Efficient Protoplast Isolation and PEG-mediated Transformation protocols for blueberry Vaccinium corymbosum

Abstract

The blueberry is an important commercial fruit tree with high nutritional value in its fruit. Due to the complexity of its ploidy, genetic improvement in blueberry faces challenges such as difficult genetic transformation and low efficiency. Protoplasts can be used as efficient recipients for transient transformation and serve as important tools for gene function and editing. However, no one has reported a protoplast transformation system in blueberries. In this study, we established an efficient system for the isolation and transient transformation of blueberry protoplasts. The 30-day culture of callus from leaf discs was selected as the optimum callus for the isolation of protoplasts with the highest yield and viability. The callus was then incubated in an enzymolysis solution containing 1.2 % (w/v) Cellulase R-10, 0.8 % (w/v) Macerozyme R-10, and 0.5 M d-mannitol under dark for 5 h, and the protoplast yield obtained was 2.95×10⁶ g⁻¹ (FW) with 90.4 % viability.
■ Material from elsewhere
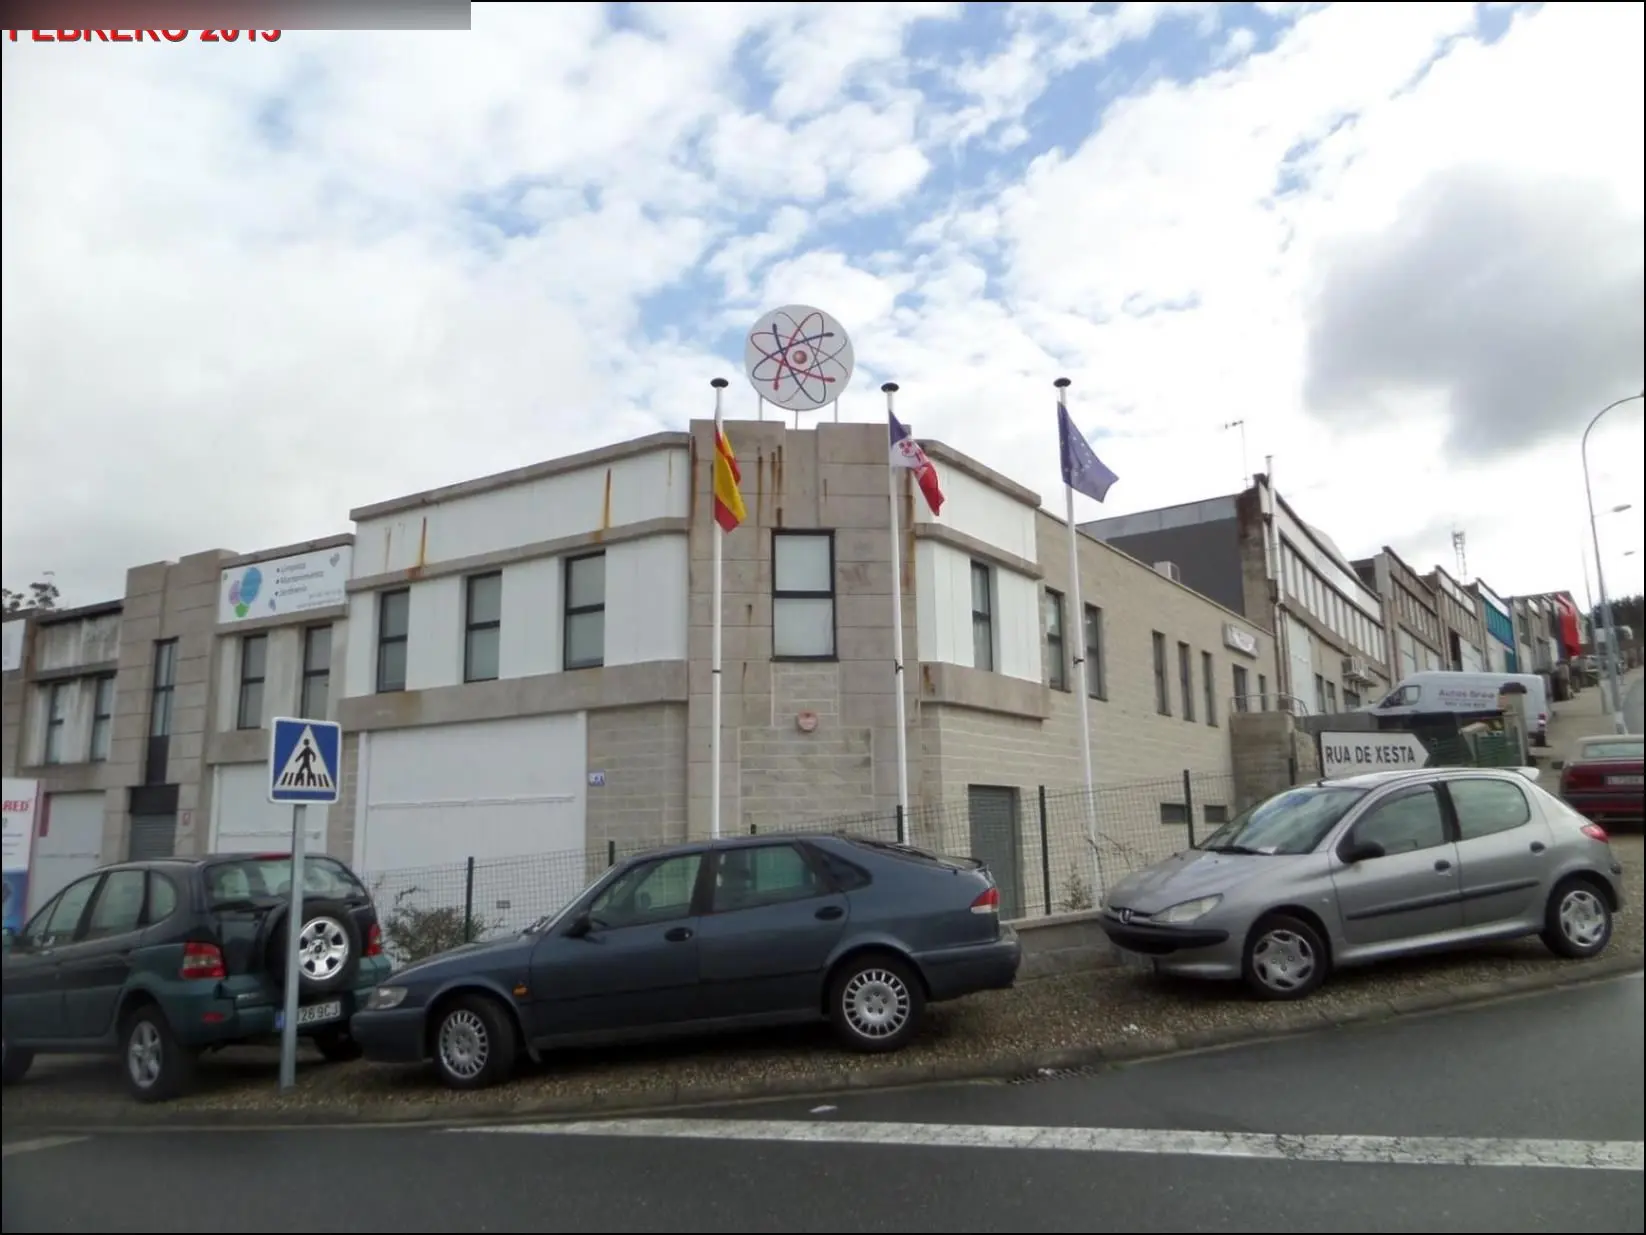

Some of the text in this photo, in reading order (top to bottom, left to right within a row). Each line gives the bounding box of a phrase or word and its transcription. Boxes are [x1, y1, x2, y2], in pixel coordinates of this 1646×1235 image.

[1325, 745, 1416, 764] RUA DE XESTA
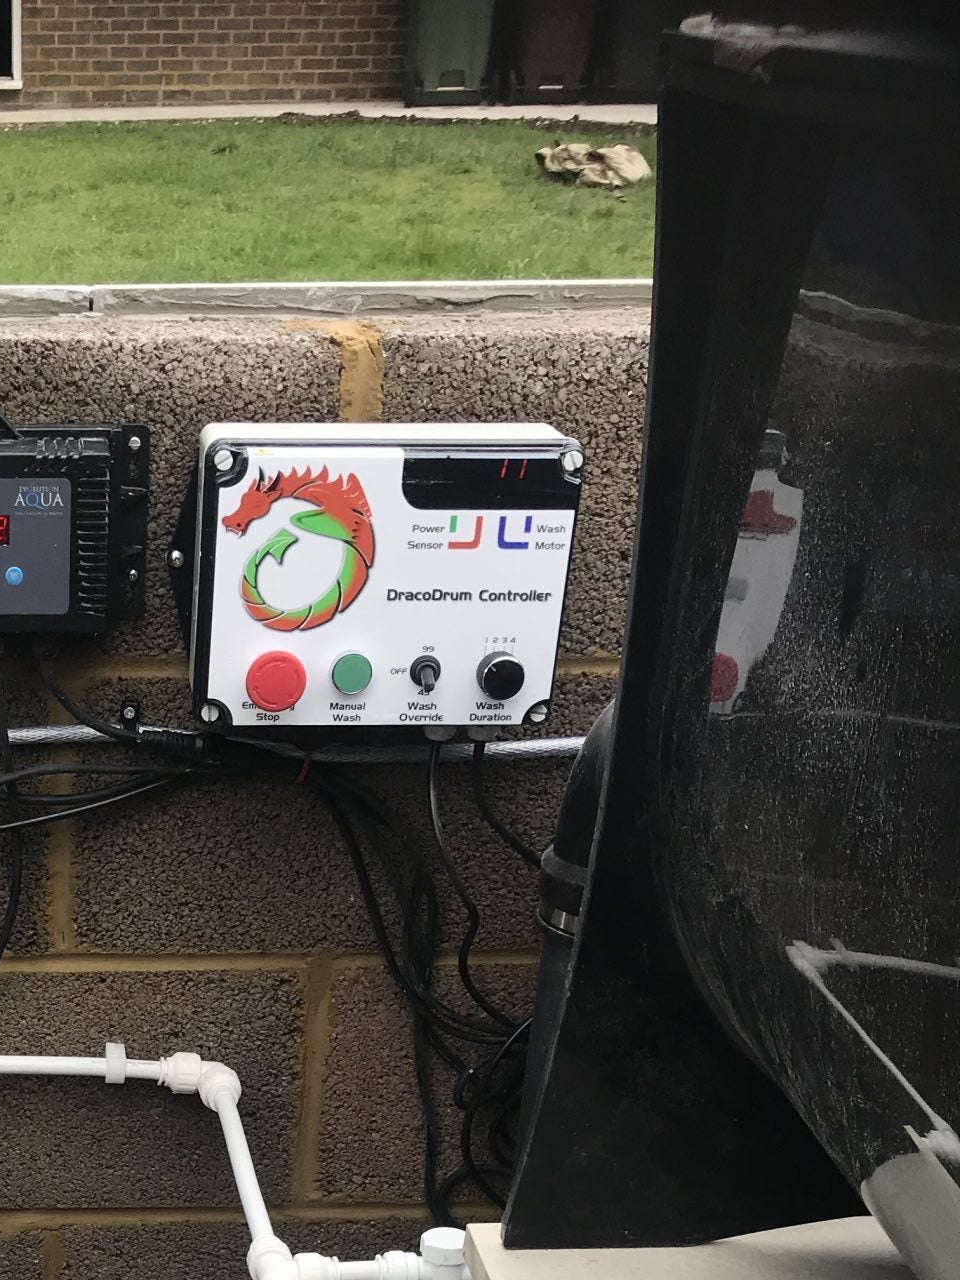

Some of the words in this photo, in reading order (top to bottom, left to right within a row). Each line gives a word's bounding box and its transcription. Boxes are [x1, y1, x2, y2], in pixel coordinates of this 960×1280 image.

Furthermore, by optimizing various transformation conditions, a transformation efficiency of 40.4 % was achieved when 35–40 μg plasmids were mixed with 100 μL protoplasts and incubated with 45 % (w/v) PEG in the dark for 35 min. Additionally, the results of VcHKT1;1 subcellular localization further verified the reliability of this system. Overall, our study reports a highly efficient system for isolation and transient transformation of blueberry protoplasts and provides crucial technical support for the exploration of blueberry physiology and molecular mechanism, as well as promising prospects for blueberry breeding.